## Source records
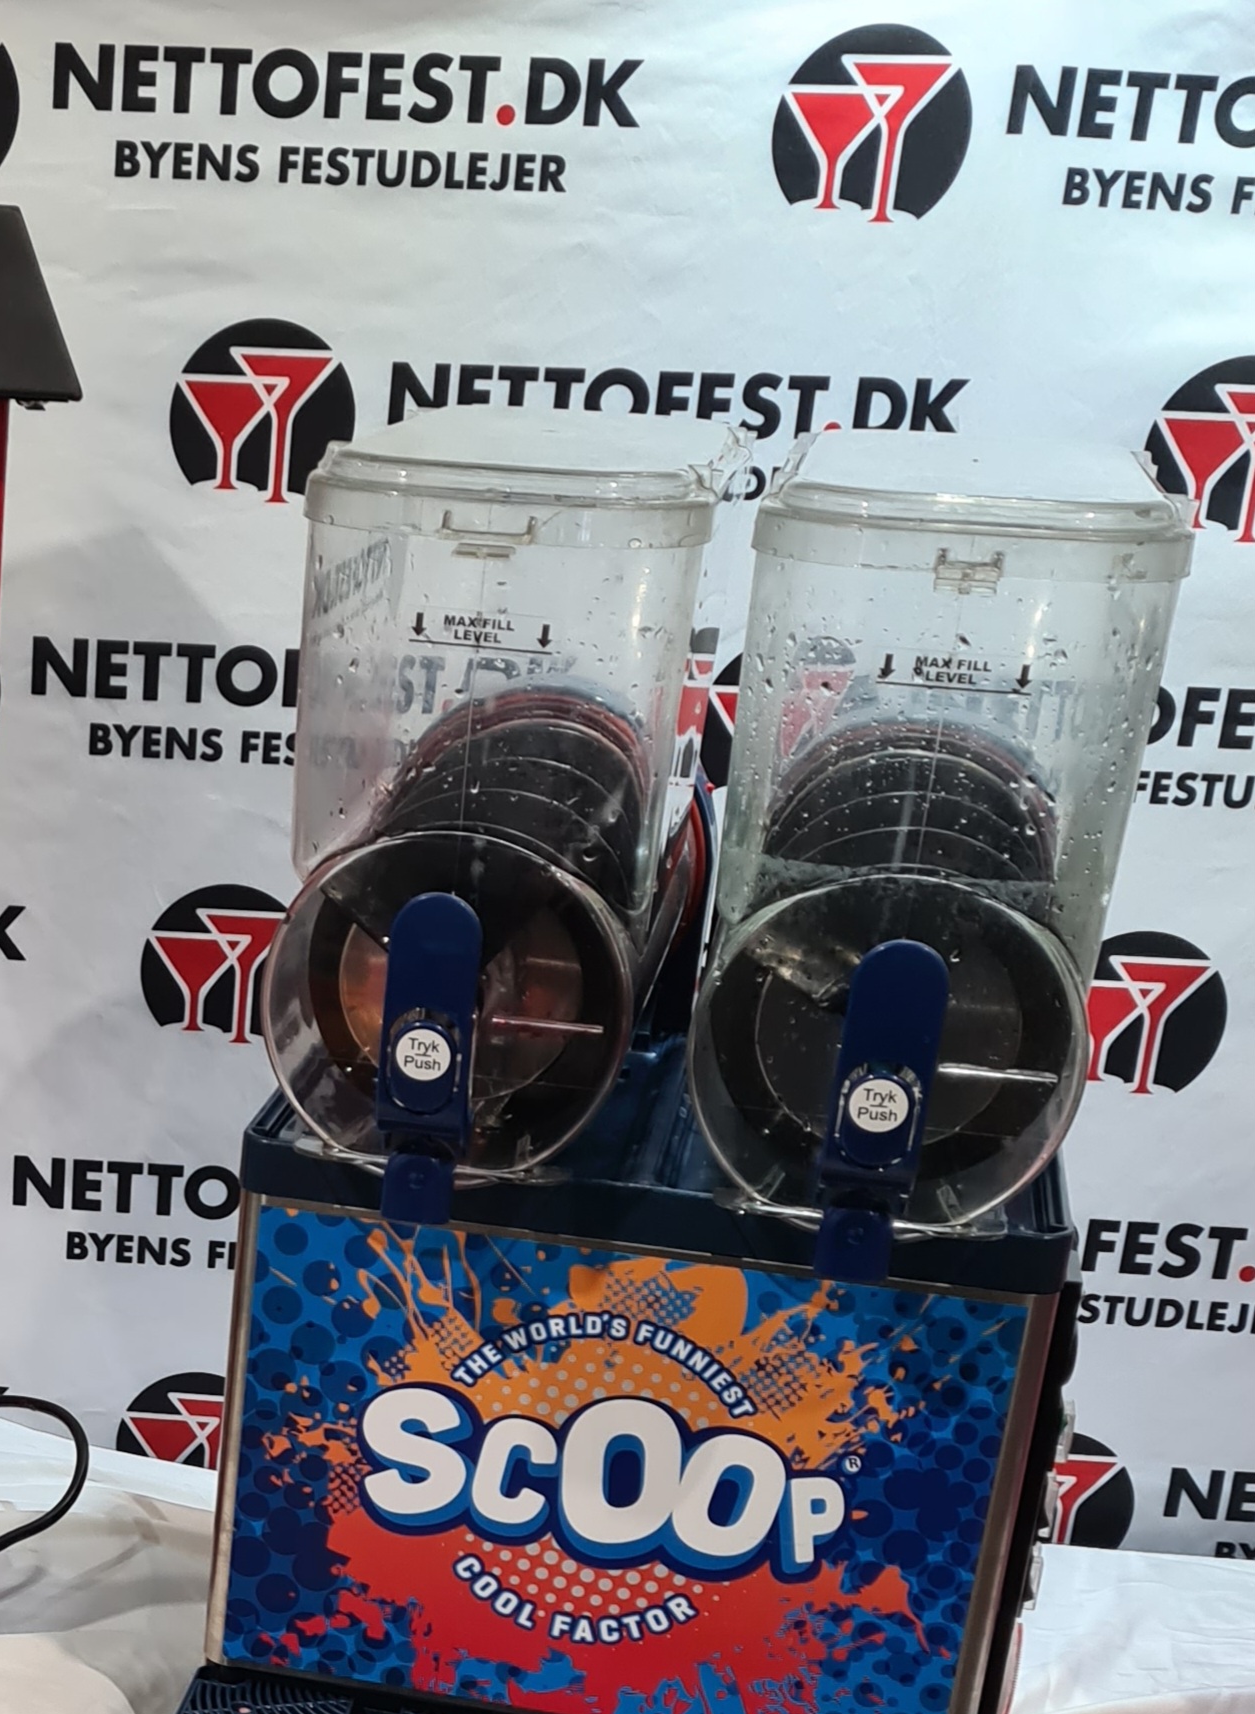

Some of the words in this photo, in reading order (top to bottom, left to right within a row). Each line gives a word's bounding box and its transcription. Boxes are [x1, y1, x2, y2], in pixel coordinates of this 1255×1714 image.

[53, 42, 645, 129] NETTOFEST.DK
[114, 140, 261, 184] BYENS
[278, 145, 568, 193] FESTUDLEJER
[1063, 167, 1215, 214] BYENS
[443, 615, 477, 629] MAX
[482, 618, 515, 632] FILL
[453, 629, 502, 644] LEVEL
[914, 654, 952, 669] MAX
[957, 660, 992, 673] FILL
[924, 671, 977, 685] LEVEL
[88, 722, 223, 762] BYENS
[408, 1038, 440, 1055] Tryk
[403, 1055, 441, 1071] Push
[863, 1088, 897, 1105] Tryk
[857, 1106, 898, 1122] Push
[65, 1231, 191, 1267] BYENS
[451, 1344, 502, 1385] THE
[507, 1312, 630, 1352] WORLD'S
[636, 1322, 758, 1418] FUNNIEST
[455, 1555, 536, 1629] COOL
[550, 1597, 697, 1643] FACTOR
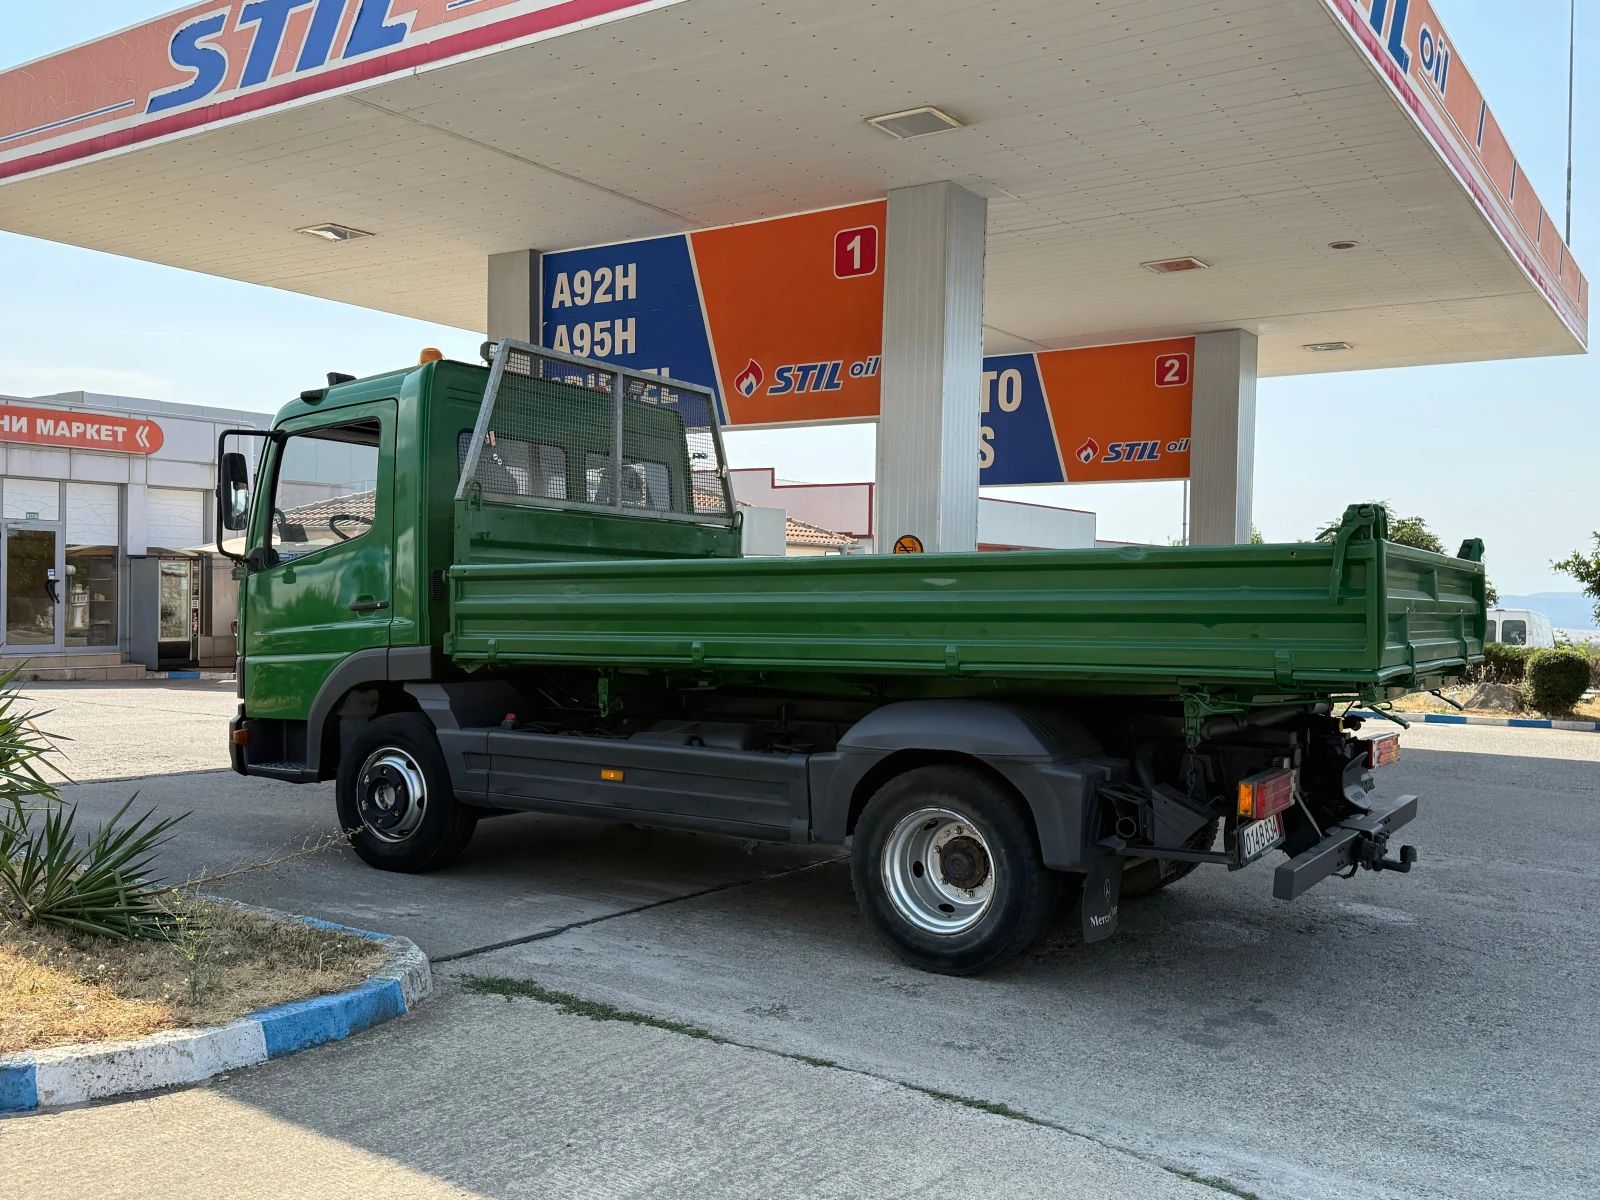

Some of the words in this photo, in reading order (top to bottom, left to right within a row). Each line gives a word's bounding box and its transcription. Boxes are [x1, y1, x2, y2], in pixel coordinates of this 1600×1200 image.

## Assigned task
From the first line to the last, write out the data exactly, omitting any pictures.

## Answer to this problem
Some of the words in this photo, in reading order (top to bottom, left to right within a row). Each line gives a word's bounding box and its transcription. Boxes are [x1, y1, x2, y2], in pixel coordinates of this 1255×1714 image.

[53, 42, 645, 129] NETTOFEST.DK
[114, 140, 261, 184] BYENS
[278, 145, 568, 193] FESTUDLEJER
[1063, 167, 1215, 214] BYENS
[443, 615, 477, 629] MAX
[482, 618, 515, 632] FILL
[453, 629, 502, 644] LEVEL
[914, 654, 952, 669] MAX
[957, 660, 992, 673] FILL
[924, 671, 977, 685] LEVEL
[88, 722, 223, 762] BYENS
[408, 1038, 440, 1055] Tryk
[403, 1055, 441, 1071] Push
[863, 1088, 897, 1105] Tryk
[857, 1106, 898, 1122] Push
[65, 1231, 191, 1267] BYENS
[451, 1344, 502, 1385] THE
[507, 1312, 630, 1352] WORLD'S
[636, 1322, 758, 1418] FUNNIEST
[455, 1555, 536, 1629] COOL
[550, 1597, 697, 1643] FACTOR

Some of the words in this photo, in reading order (top to bottom, left to right within a row). Each line gives a word's bounding box and its transcription. Boxes are [x1, y1, x2, y2], in pixel coordinates of this 1600×1200 image.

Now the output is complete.